Аня сжалась и начала отдаляться от незнакомца, хотела открыть дверь, но ударилась об тумбочку.

– Не бойся, Анечка, высшие силы лишили меня орудия насилия, так что, ничего я тебе не сделаю. Захочу, а не сделаю. Вот смотри, ― с тоской сказал молодой человек.

–Нет!!! ― что есть силы закричала девушка, ― Не надо мне такое показывать!! ― она ещё сильнее вдавилась в тумбочку.

– Дурёха ты, дурёха! Что я тебе? Фильм ужасов показываю, что так бояться надо? Вот, ― незнакомец расстегнул ширинку, и там не было: совсем ничего.

– Вау!! Круто!! Я такое в первый раз вижу. Показать бы нашим девчонкам, они бы попадали и ещё долго не вставали.

– Ну это ещё впереди, ― и он застегнул ширинку. ― Кстати, за этой суетой я и не представился. Фёдор Сумкин, можно просто: Федя. А ты, я вижу, хорошо подготовилась к Новому Году, на оценку пять. Пейте дети молоко, будете здоровы, ― он взял пакет молока, но ничего там не вылилось. ― Ой-ой! Бедные студенты, бедные вы, бедные, ―он щёлкнул пальцами, и сразу же появился шикарный стол с кабанчиком, алкоголем и соками, с салатами оливье, а также другими неизвестными вкусностями, которых только душа пожелает, ― ну-с. Налетай, Новый Год отмечай.

И они принялись поедать вкусности. В тот момент, Ане стало совсем хорошо.
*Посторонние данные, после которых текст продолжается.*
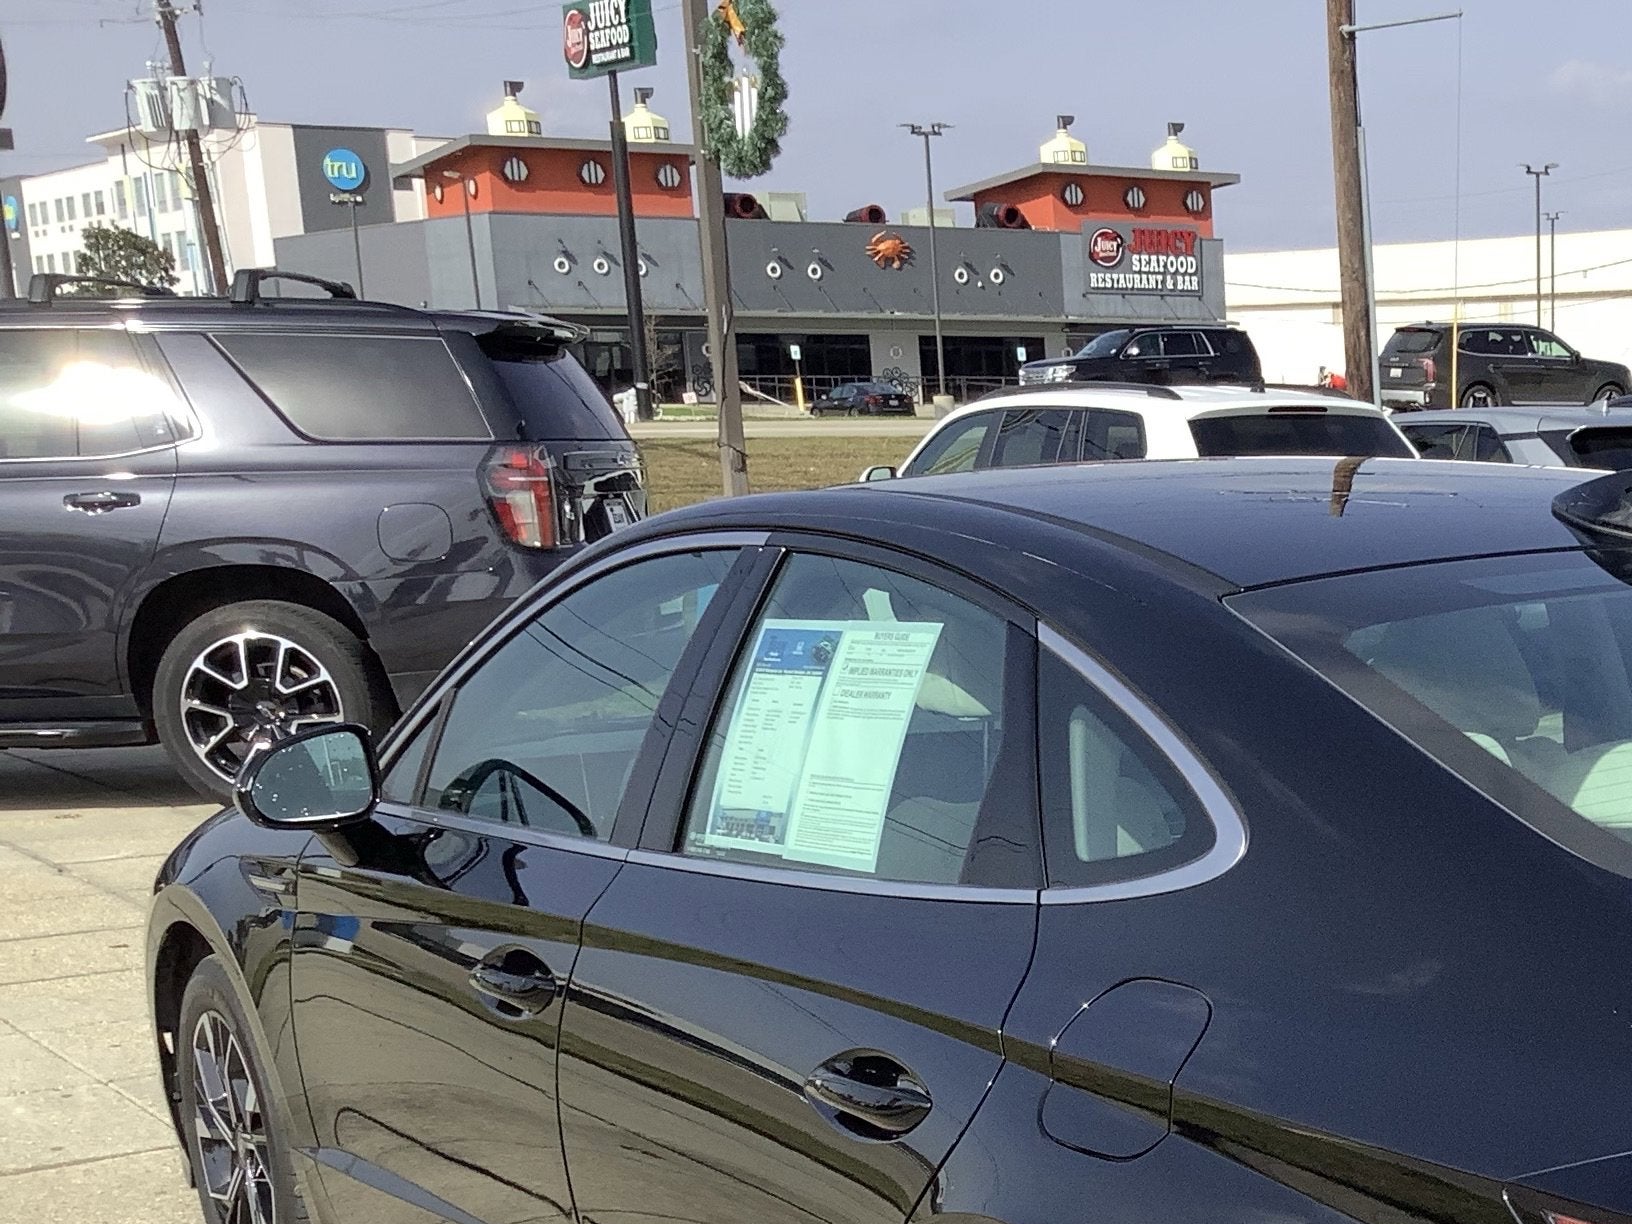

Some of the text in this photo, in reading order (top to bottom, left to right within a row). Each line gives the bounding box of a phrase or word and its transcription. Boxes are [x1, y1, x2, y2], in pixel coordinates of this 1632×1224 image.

И уже незнакомца, она принимала за своего, и ей было с ним уютно.

Глава 24. Званный и желанный гость

― Хотелось бы мне узнать, Анечка, какая же у тебя есть печаль, тоска? Какое же твоё самое сокровенное желание? ― спрашивал подъевший и подвыпивший Федя.

– Тоска и горе, в какой-то мере, всегда присутствуют, но плакаться всем и вся, я не считаю нужным. Я же сильная. Сильная и терпеливая, привыкла всегда решать свои проблемы сама и ничего ни у кого не просить, ― ободрено говорила также подвыпившая Анна.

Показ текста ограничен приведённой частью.